___ DATASET CONTENT ___

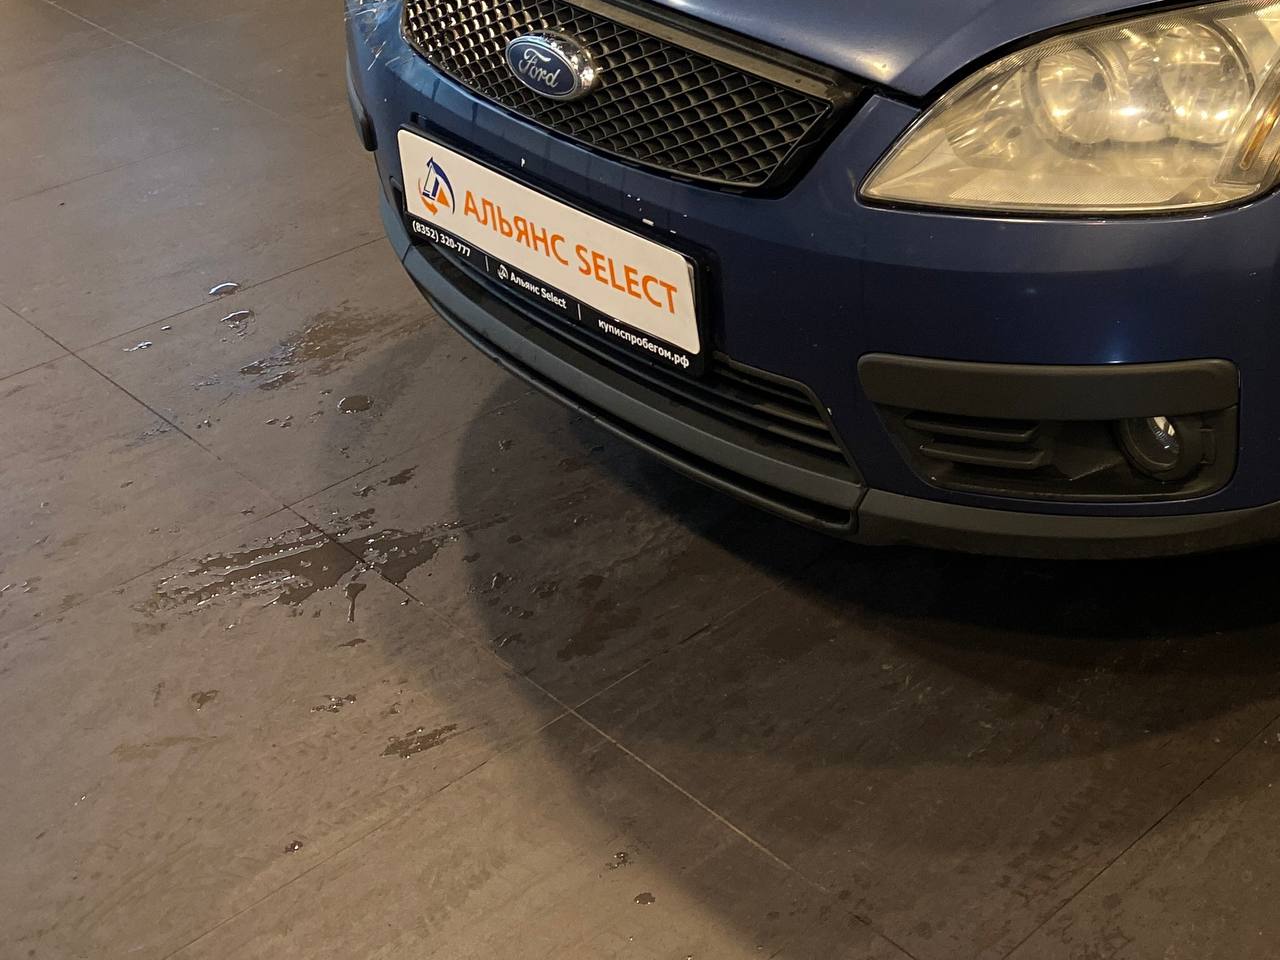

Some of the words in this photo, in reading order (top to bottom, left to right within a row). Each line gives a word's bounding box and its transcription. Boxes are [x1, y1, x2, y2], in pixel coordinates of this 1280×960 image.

[518, 48, 561, 88] Ford
[412, 220, 439, 243] (8352)
[440, 235, 471, 256] 320-777
[510, 272, 540, 295] Альянс
[541, 288, 567, 309] Select
[598, 319, 690, 368] куписпробегом.рф
[464, 190, 569, 266] АЛЬЯНС
[575, 244, 678, 314] SELECT

___

DIRECTIONS:
Give an exact copy of the material, leaving out every picture.

COMPLETED TASK:
Some of the words in this photo, in reading order (top to bottom, left to right within a row). Each line gives a word's bounding box and its transcription. Boxes are [x1, y1, x2, y2], in pixel coordinates of this 1280×960 image.

[518, 48, 561, 88] Ford
[412, 220, 439, 243] (8352)
[440, 235, 471, 256] 320-777
[510, 272, 540, 295] Альянс
[541, 288, 567, 309] Select
[598, 319, 690, 368] куписпробегом.рф
[464, 190, 569, 266] АЛЬЯНС
[575, 244, 678, 314] SELECT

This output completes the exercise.